Oriëntatie op jezelf en de wereld - Mens en samenleving - kerndoel 34 - Groep 5 en 6 - Wat doet de leraar
De leerlingen leren zorg te dragen voor de lichamelijke en psychische gezondheid van henzelf en anderen.
Groep 5 en 6
Wat doet de leraar?
- De leraar laat de kinderen in tweetallen hun eigen persoonlijke verzorging onder de loep nemen en stelt hierbij vragen als:
- Wat heeft je gezonde lichaam iedere dag nodig?
- Wat heeft het nu en dan nodig?
- Wat kun je doen om je lichaam te helpen gezond te blijven?
- Wat doe je wel, wat doe je niet en waarom?
- Kun je iets veranderen?
- De leraar laat de kinderen hun eigen voedingspatroon in kaart brengen en stelt vragen als:
- Wat eet en drink je?
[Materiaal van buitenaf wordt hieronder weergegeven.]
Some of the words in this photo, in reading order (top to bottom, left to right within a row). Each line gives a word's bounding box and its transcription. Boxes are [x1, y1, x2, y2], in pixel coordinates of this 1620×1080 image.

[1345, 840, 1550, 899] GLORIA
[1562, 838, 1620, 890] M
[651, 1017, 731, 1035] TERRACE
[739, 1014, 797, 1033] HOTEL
Waarom?
- Wie kiest er wat je eet en drinkt?
- Kun jij ook kiezen?
- Eet iedereen hetzelfde en evenveel?
- Waar heeft dat mee te maken?
- Hoe eet en drink je gezond?
- Wat kun je aan je eetgewoonten veranderen?
- De leraar geeft gelegenheid om ervaringen uit te wisselen over chronische aandoeningen, ongemakken en handicaps en stelt vragen als:
- Kan iedereen hetzelfde presteren?
- Wat kan jouw lichaam allemaal?
- Wat kan iemand die ziek of gehandicapt is?
- Hoe voel je je als je gehandicapt bent?
- Wat zijn allergieën?
- Hoe voel je je als je een allergie hebt?
- De leraar oefent met de kinderen eenvoudige eerste-hulp vaardigheden.
- De leraar zorgt voor een goed sociaal-emotioneel klimaat.
- Zij probeert de school- en thuissituatie zo goed mogelijk op elkaar af te stemmen.
- Zij stimuleert het zelfvertrouwen van kinderen door ze positief en respectvol te benaderen en rekening te houden met de eigenheid van ieder kind.
- Zij stimuleert de ontwikkeling van de eigen identiteit met vragen als:
- Hoe ben je veranderd sinds je een baby en peuter was?
- Waardoor ontstaan die veranderingen?
- Wat kun je nu wel, wat je eerder niet kon?
- Hoe voelt het als je iets gedaan hebt wat nieuw voor je was of heel moeilijk?
- Hoe kun je gevoelens van verlegenheid en onzekerheid steeds meer de baas worden?
- De leraar stimuleert in gesprek en spel het uiten van gevoelens, wensen en opvattingen op een voor iedereen begrijpelijke manier en laat daarbij ruimte voor de gewenste privacy.
- Zij stimuleert de kinderen in gesprekjes en door middel van drama rekening te houden met gevoelens, wensen en opvattingen van anderen.
- Zij oefent met de kinderen in (verbeelde) situaties in het oplossen van conflicten op een voor alle partijen passende manier.
- Zij oefent met de kinderen het samenwerken in een groep: taken verdelen en uitvoeren, afspraken maken en nakomen, hulp vragen en accepteren.